If Pandora were Earth, the lemurs would be the humans' closest cousins (at least, of the animals we see on screen). But on Pandora, the lemurs look like the horses and rhinos and nothing at all like the Na'vi. The Na'vi only have 4 limbs, not 6 like all the other large vertebrates. And the Na'vi breathe through their faces, not through holes in their chests. Even one of these adaptations would be enormously costly in evolutionary terms. Clearly the Na'vi didn't evolve from the lemurs. They must have come from a different genetic line.

They are so different that, donning my exobiologist hat, I hypothesize that the Na'vi are an alien race. Think of the irony. Avatar tells the story of a destructive invasive species, homo sapiens, laying waste to Pandora, whose strongest defenders are themselves an alien species.

The Na'vi can't be recent arrivals because their ponytails allow them to connect with the rest of the moon's creatures a la USB. That suggests co-evolution... unless those USB ponytails were brought specifically as tools to domesticate the local fauna.

I can imagine a prequel where we borrow a trope from Titanic: the narrator is a very old Na'vi woman who remembers the time when she was a girl, a time when the Na'vi had just arrived and the direhorses and mountain banshees still roamed free. Perhaps her own father was the model of pragmatic cruelty, a tamer of direhorses who gains fame as the first Na'vi to break the spirit of a mountain banshee.

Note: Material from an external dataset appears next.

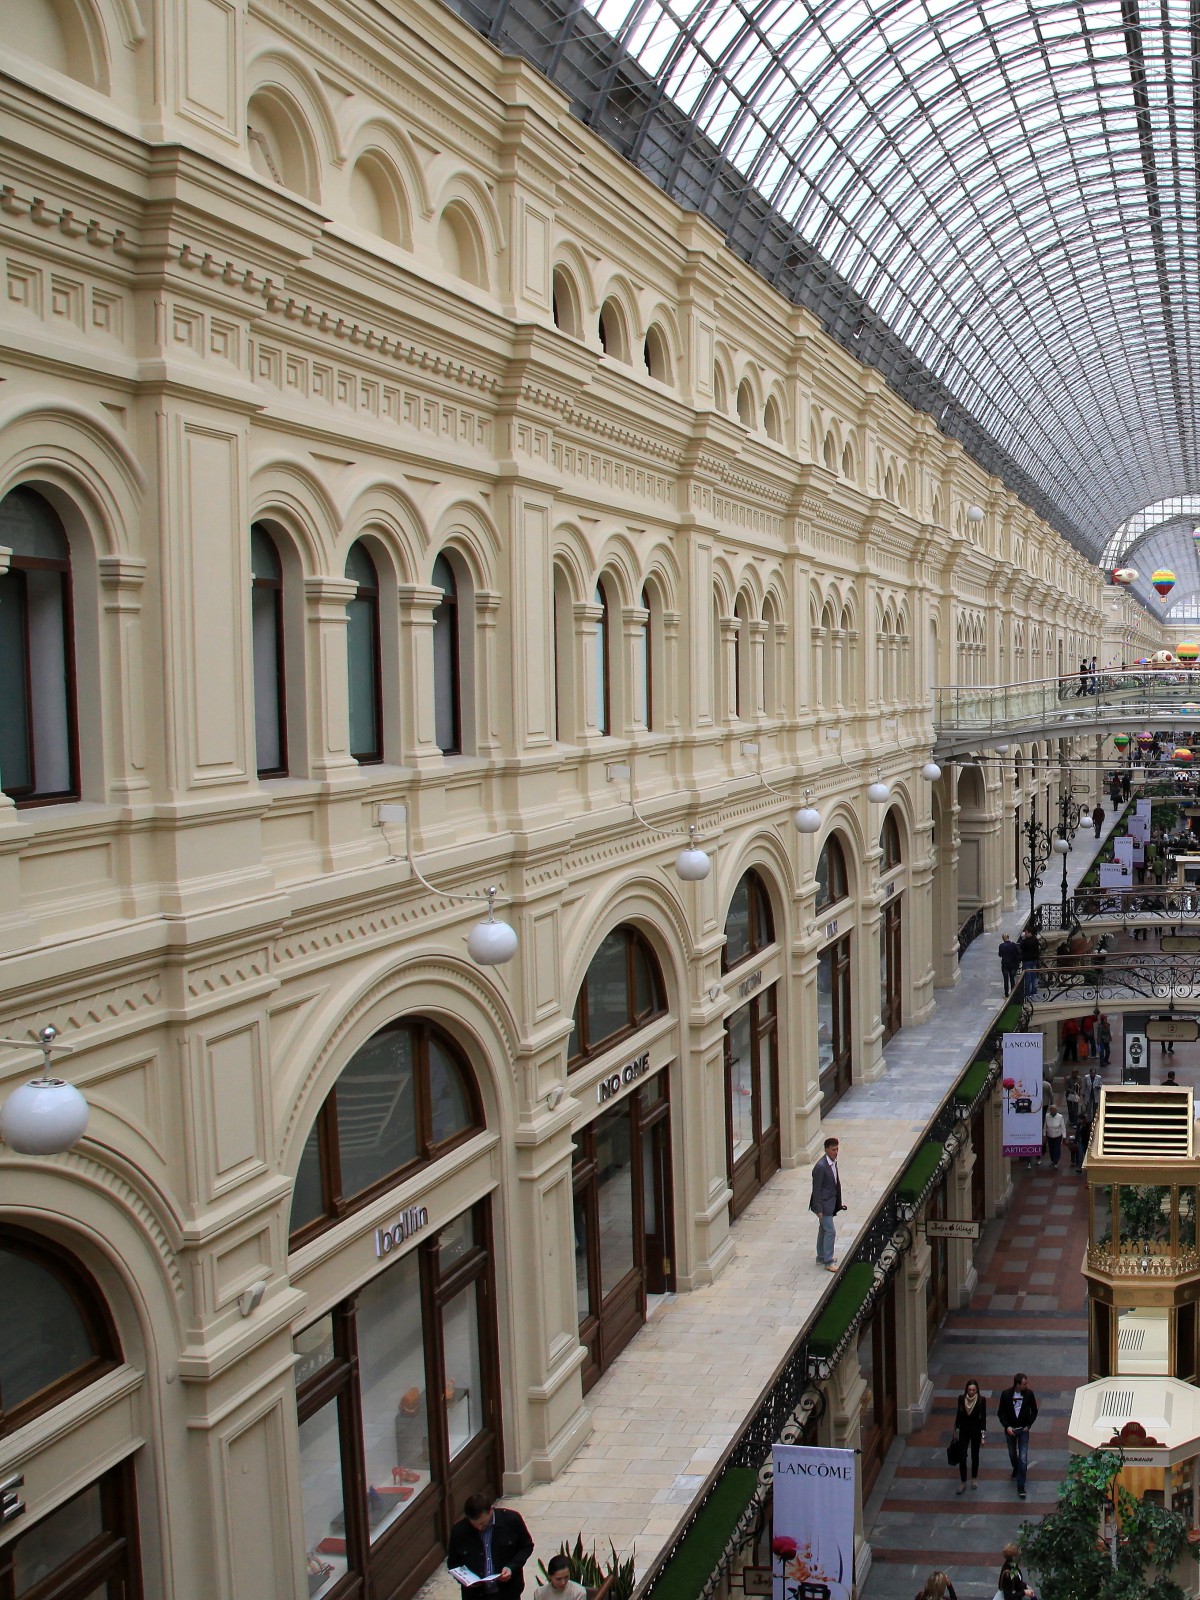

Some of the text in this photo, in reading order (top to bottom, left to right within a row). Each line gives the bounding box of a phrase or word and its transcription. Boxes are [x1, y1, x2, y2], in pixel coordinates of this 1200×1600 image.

[1004, 1040, 1041, 1048] LANCÔME
[597, 1051, 651, 1104] NO ONE
[777, 1462, 852, 1480] LANCÔME

Like the human scientists and soldiers in Avatar, the Na'vi biologists and horse-traders could be split along ideological lines about whether to study or to exploit the thriving Pandoran biosphere.

Maybe in her old age, after the peaceful biologists had won the political fight, she could even, Cassandra-like, warn the Na'vi to be afraid of future space-farers because although her kind found a balance, she knows first-hand the sort of ecological destruction that comes when a sentient, non-native species is introduced.

Then again, maybe the only reason the Na'vi look different from the other Pandoran vertebrates is that Earth boys like to ogle tits.